Apelo ao voto no Chega. "Inaceitável", "um erro estratégico" e "clivagem" na bancada do PSD

Na semana passada, Luís Montenegro fez um apelo para que o grupo parlamentar do PSD votasse no candidato proposto por André Ventura para vice-presidente da Assembleia da República. O tema esteve em análise por Pacheco Pereira, António Lobo Xavier e Alexandra Leitão no programa da TSF e da CNN Portugal O Princípio da Incerteza.

A eleição falhada do candidato do Chega para vice-presidente do Parlamento esteve em análise no programa da TSF e da CNN Portugal O Princípio da Incerteza. Pacheco Pereira considera "inaceitável" o apelo que o líder do PSD fez para que o grupo parlamentar do PSD votasse no candidato proposto pelo partido de André Ventura.
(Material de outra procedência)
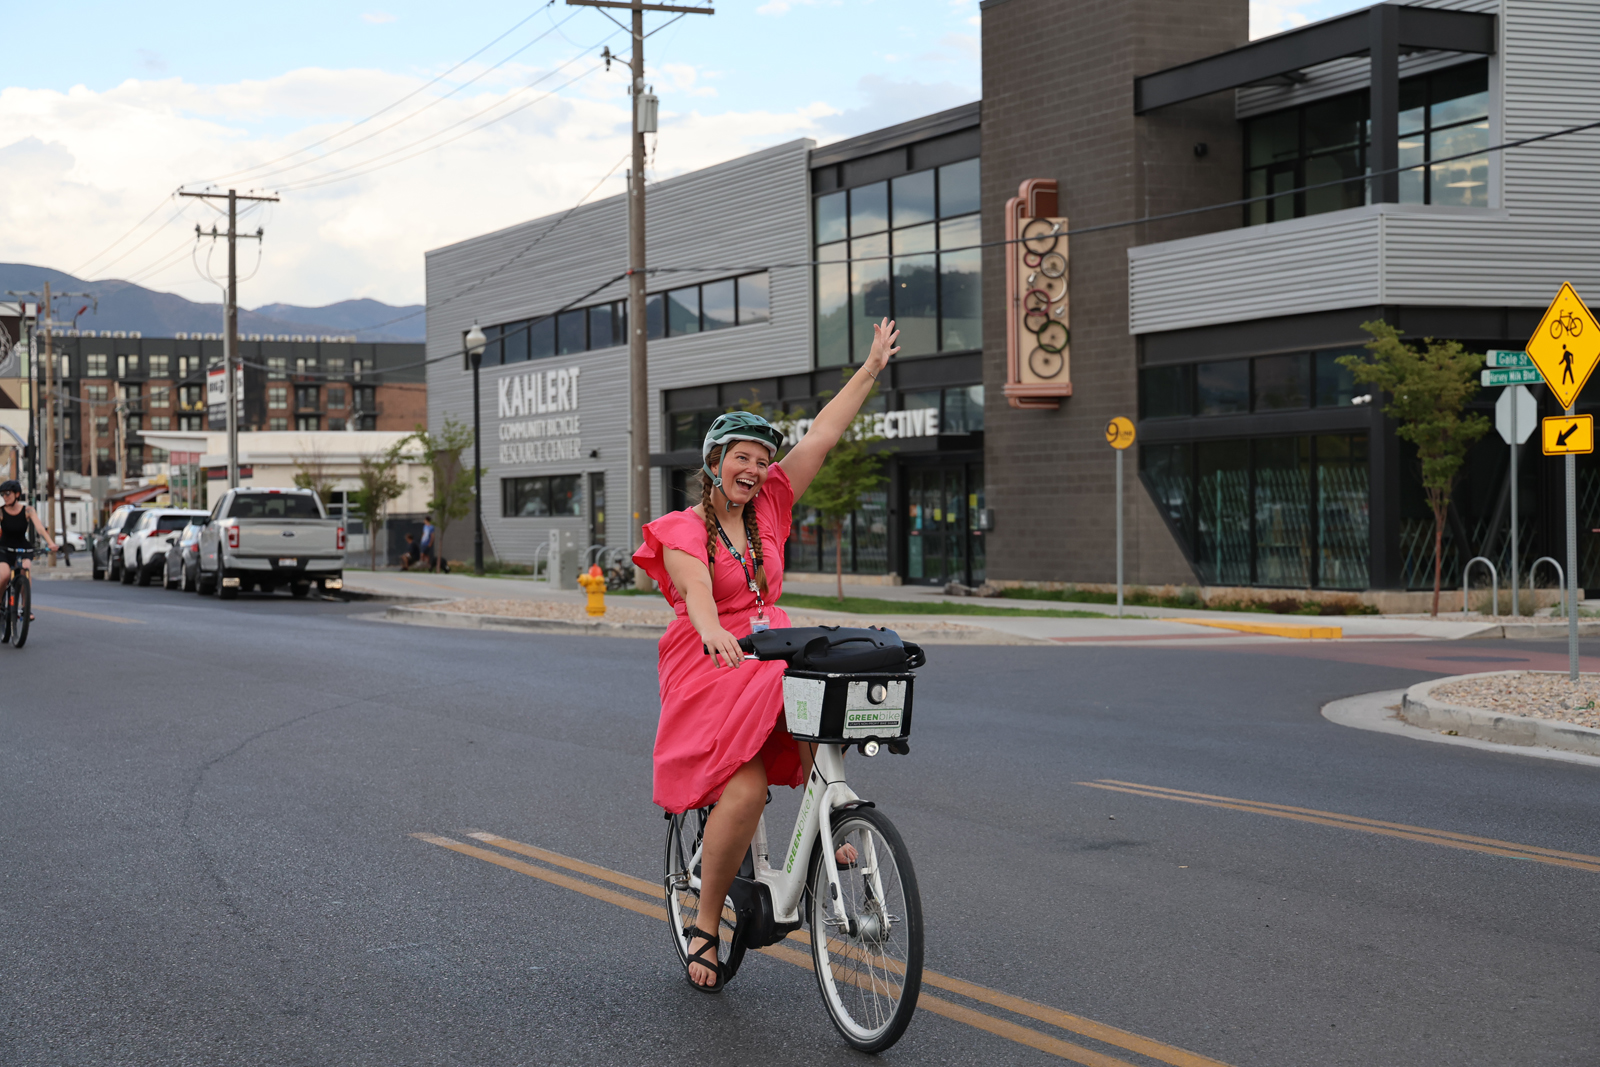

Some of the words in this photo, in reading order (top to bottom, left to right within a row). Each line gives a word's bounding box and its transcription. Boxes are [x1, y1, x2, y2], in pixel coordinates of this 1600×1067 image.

[1498, 353, 1518, 365] Gale
[1519, 353, 1528, 365] St
[1490, 373, 1508, 384] Harvey
[1508, 371, 1522, 381] Milk
[1523, 370, 1536, 381] Blvd
[498, 367, 580, 418] KAHLERT
[499, 421, 546, 441] COMMUNITY
[547, 416, 581, 436] BICYCLE
[842, 408, 939, 442] LLECTIVE
[1106, 422, 1119, 443] 9
[499, 441, 545, 464] RESOURCE
[545, 437, 581, 462] CENTER
[849, 711, 900, 721] GREENbike
[787, 799, 811, 874] GREENbike
"A decisão e a recomendação do líder do PSD para que o grupo parlamentar apoiasse a candidatura do Chega a uma das vice-presidências da Assembleia da República é inaceitável de todo. Ele devia ter aprendido com a lição de Rui Rio, que passou todo o tempo a penar por acusa do acordo dos assessores e por algumas ambiguidades nos debates sobre o Chega. A ambiguidade sobre o Chega numa matéria tão relevante como é uma matéria que não é meramente formal, como ele a apresentou, mas é uma matéria substancial, uma escolha para vice-presidente da Assembleia da República de um partido como o Chega tem um forte conteúdo político", considera.
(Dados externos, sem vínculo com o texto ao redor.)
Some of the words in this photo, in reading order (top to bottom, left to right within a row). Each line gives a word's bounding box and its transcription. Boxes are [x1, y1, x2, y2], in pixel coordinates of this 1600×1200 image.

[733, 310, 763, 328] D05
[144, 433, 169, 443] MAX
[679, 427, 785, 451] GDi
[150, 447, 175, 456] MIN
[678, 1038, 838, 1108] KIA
Pacheco Pereira afirma que, "felizmente", "uma parte significativa dos deputados do PSD não aceitou essa recomendação e, como o voto é secreto, o homem não chegou lá, mas a recomendação pública permitiu ao Chega dizer uma coisa básica: 'Estamos a ser normalizados'."

Para António Lobo Xavier, este apelo demonstra que há uma normalização do Chega, algo que do ponto de vista do antigo dirigente centrista constitui "um erro estratégico".
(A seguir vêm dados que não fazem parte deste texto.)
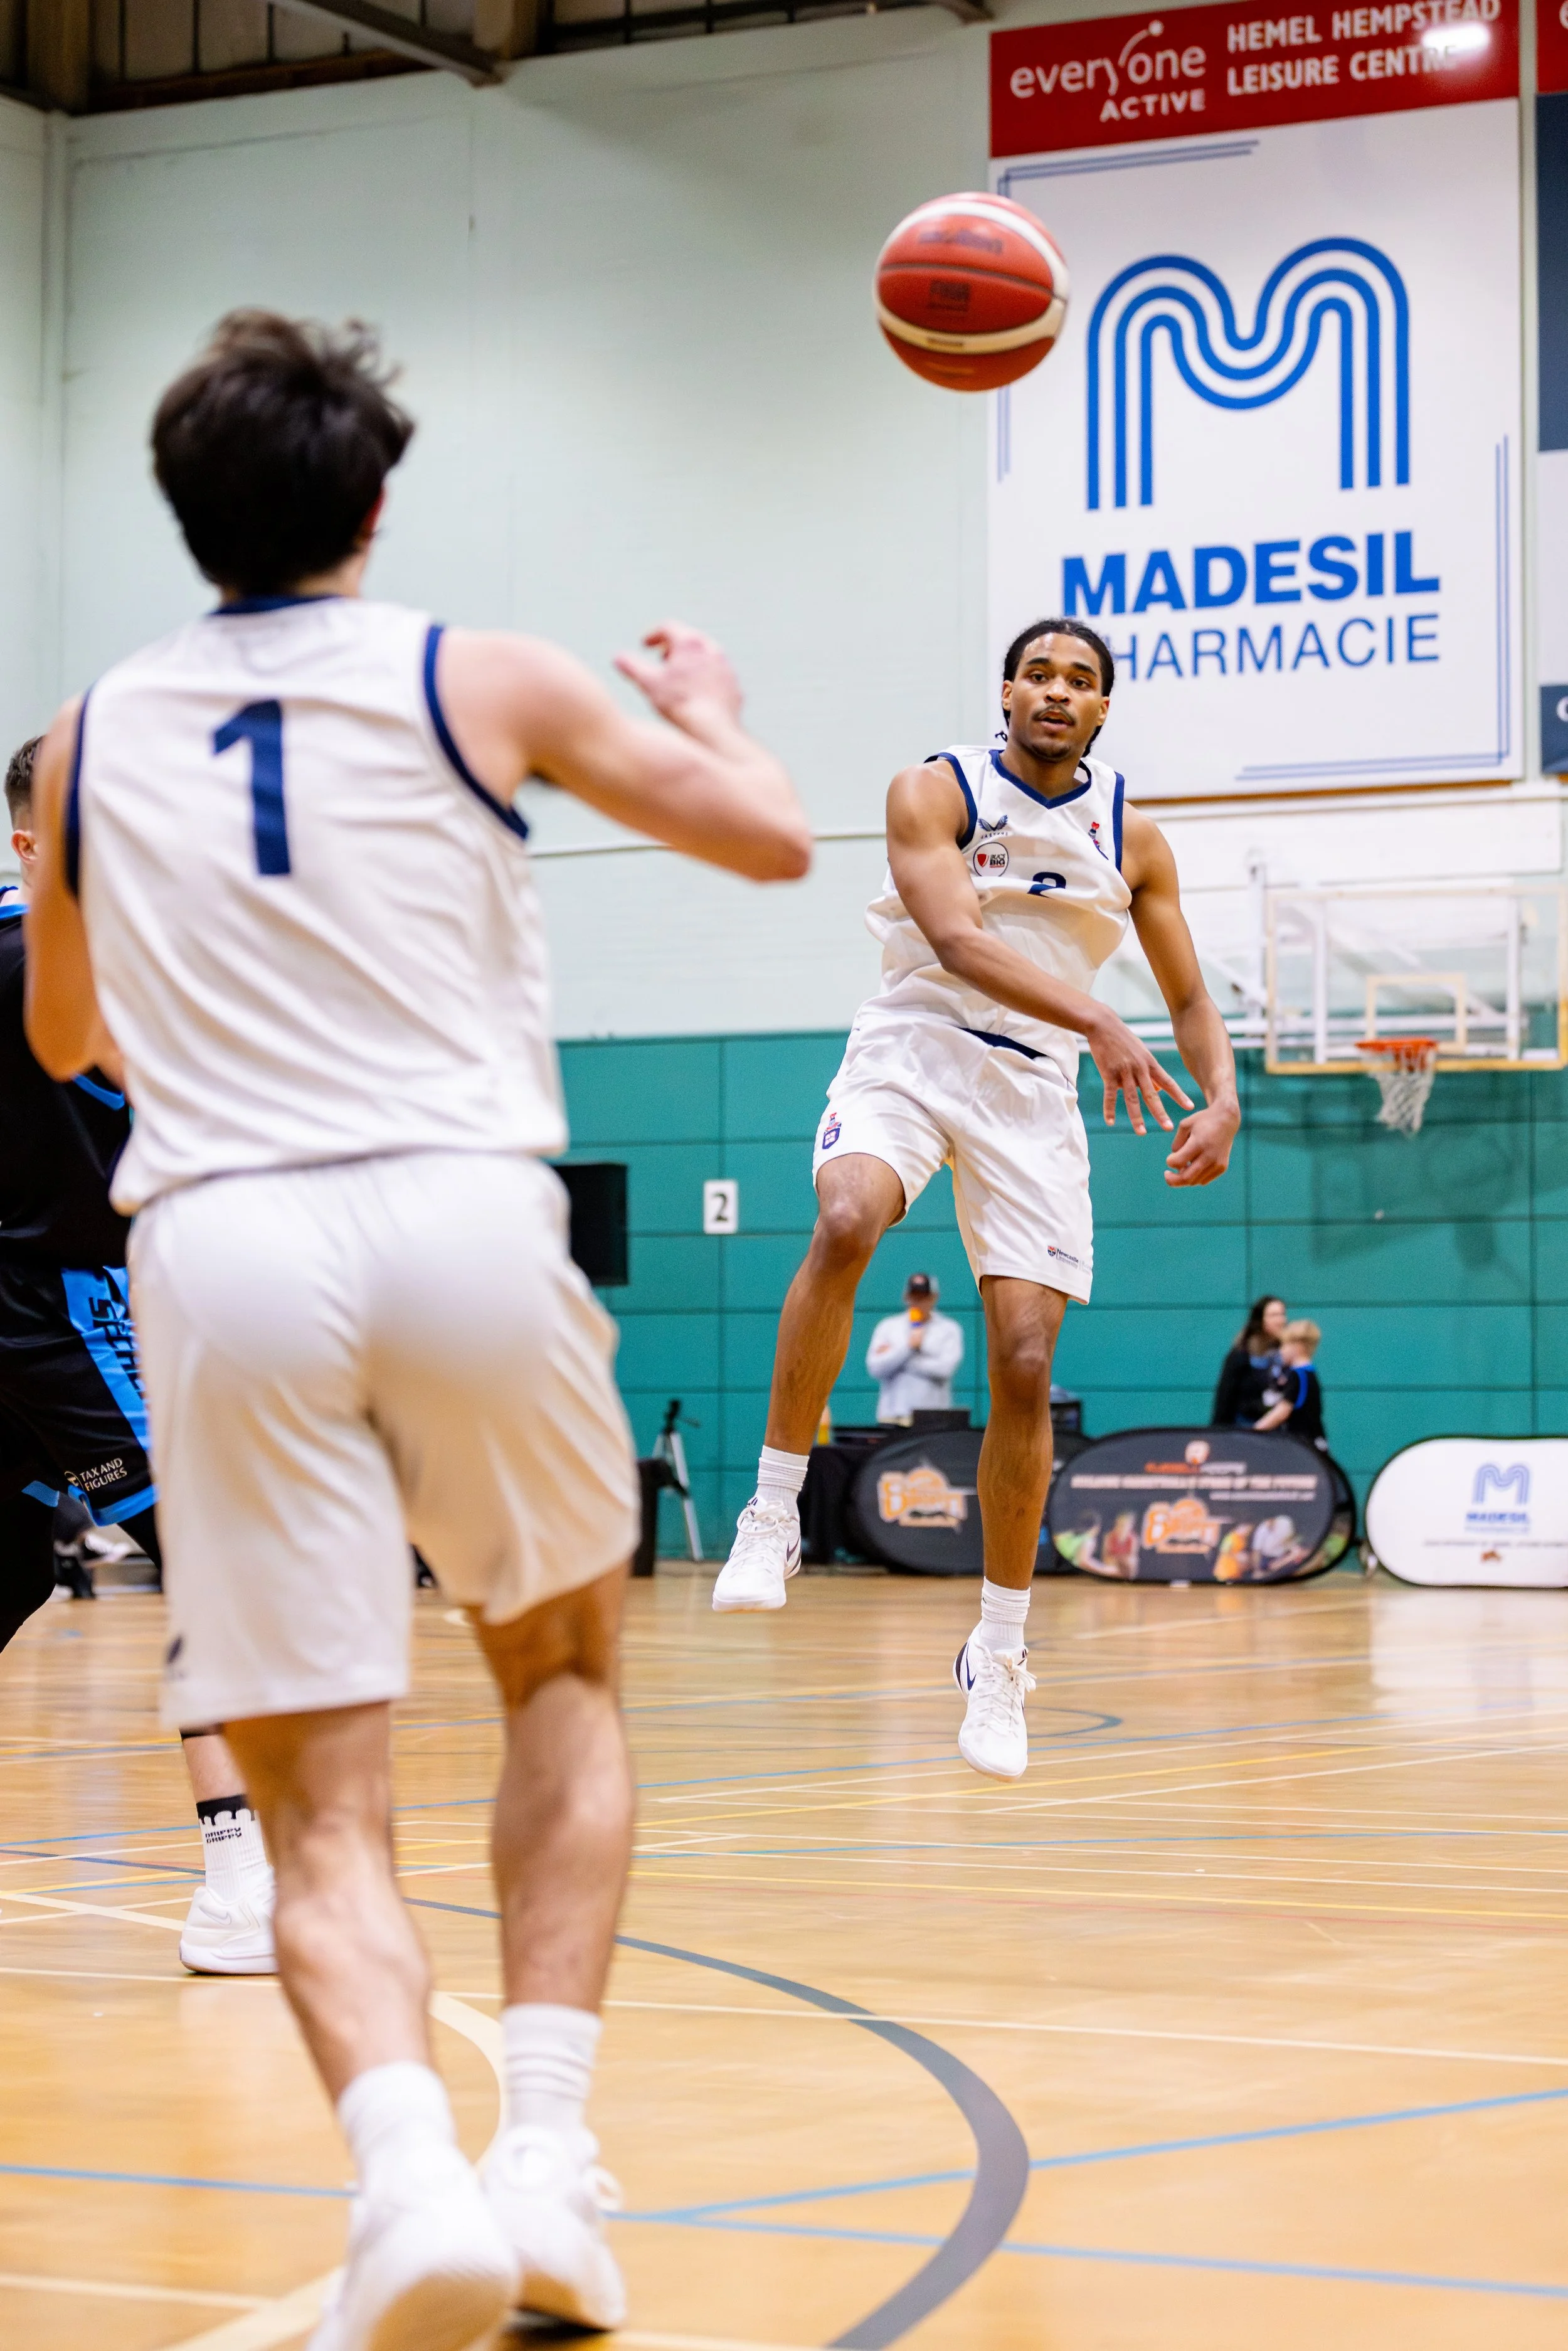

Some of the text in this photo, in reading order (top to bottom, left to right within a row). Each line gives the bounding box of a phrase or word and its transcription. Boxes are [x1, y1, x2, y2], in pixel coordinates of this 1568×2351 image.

[1227, 0, 1502, 53] HEMEL HEMPSTEAD
[1010, 20, 1207, 99] everyone
[1227, 44, 1459, 97] LEISURE CENTRE
[1099, 88, 1207, 123] ACTIVE
[1062, 530, 1441, 618] MADESIL
[1106, 613, 1441, 681] HARMACIE
[211, 699, 292, 875] 1
[711, 1192, 728, 1223] 2
[1057, 1248, 1079, 1263] Newcastle
[80, 1458, 124, 1482] TAX AND
[84, 1467, 128, 1492] FIGURES
"O Chega candidata uma figura inexistente, sem nenhuma base e sem nenhum currículo e o PSD resolve colocar a cave nesta causa. É incompreensível até do ponto de vista estratégico, é uma caução, num certo sentido, às ideias do Chega. Não é possível apoiar um vice-presidente da Assembleia da República ou insistir na sua eleição sem ter uma posição de condescendência relativamente a alguns aspetos fundamentais. No futuro, provavelmente Luís Montenegro não poderá garantir que não aceitará um apoio do Chega, mas começar a tratar desse assunto agora com este compromisso é uma coisa que não percebo do ponto de vista estratégico", refere.

Alexandra Leitão concorda com Pacheco Pereira e Lobo Xavier e aponta "clivagens" no seio da bancada social-democrata: "Se fizermos as contas aos votos, percebemos que cerca de um terço da bancada do PSD não votou."

O candidato do Chega à vice-presidência da Assembleia da República falhou na quinta-feira a eleição por larga margem. No final da reunião plenária, Augusto Santos Silva anunciou que o deputado Rui Paulo Sousa obteve 64 votos favoráveis.

Dos 230 deputados, exerceram o direito de voto 213, com 137 votos brancos e 12 nulos. O assunto criou celeuma na bancada do PSD após o líder parlamentar do partido ter apelado deputados sociais-democratas para que votassem a favor do candidato apresentado pelo Chega, Rui Paulo Sousa.